**Description of the task**
Whenever a line in the entries includes the word "grinding", copy that line out.

**Dataset records**

━━━━━━━━━━

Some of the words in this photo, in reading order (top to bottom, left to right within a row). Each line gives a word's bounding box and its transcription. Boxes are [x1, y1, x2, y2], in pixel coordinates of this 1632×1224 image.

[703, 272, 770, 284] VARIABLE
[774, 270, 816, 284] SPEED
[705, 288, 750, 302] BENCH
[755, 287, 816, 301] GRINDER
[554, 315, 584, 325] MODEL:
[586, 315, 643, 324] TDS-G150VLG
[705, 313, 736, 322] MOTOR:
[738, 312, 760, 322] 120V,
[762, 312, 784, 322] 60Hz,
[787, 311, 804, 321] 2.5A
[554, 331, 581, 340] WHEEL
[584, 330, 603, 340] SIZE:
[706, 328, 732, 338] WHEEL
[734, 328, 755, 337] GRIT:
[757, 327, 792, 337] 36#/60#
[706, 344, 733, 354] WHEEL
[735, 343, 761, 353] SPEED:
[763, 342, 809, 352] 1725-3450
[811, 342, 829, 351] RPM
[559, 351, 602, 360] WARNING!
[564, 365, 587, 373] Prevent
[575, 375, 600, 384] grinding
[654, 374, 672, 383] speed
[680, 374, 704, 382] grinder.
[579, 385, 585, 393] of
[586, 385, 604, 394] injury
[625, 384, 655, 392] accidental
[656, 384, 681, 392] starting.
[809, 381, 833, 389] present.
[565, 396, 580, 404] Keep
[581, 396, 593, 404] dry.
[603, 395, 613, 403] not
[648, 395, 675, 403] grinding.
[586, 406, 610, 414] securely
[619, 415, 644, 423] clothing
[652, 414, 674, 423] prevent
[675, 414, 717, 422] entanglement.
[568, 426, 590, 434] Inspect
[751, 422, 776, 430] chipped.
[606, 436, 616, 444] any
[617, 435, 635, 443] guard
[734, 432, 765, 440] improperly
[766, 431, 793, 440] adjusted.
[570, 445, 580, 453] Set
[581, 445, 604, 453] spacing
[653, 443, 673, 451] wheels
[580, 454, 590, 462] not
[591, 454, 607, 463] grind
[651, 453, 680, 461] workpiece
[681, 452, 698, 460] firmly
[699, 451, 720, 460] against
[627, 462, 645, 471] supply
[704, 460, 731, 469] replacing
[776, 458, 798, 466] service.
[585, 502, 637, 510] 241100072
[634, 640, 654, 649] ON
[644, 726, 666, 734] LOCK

━━━━━━━━━━

**Answer section**
[575, 375, 600, 384] grinding
[648, 395, 675, 403] grinding.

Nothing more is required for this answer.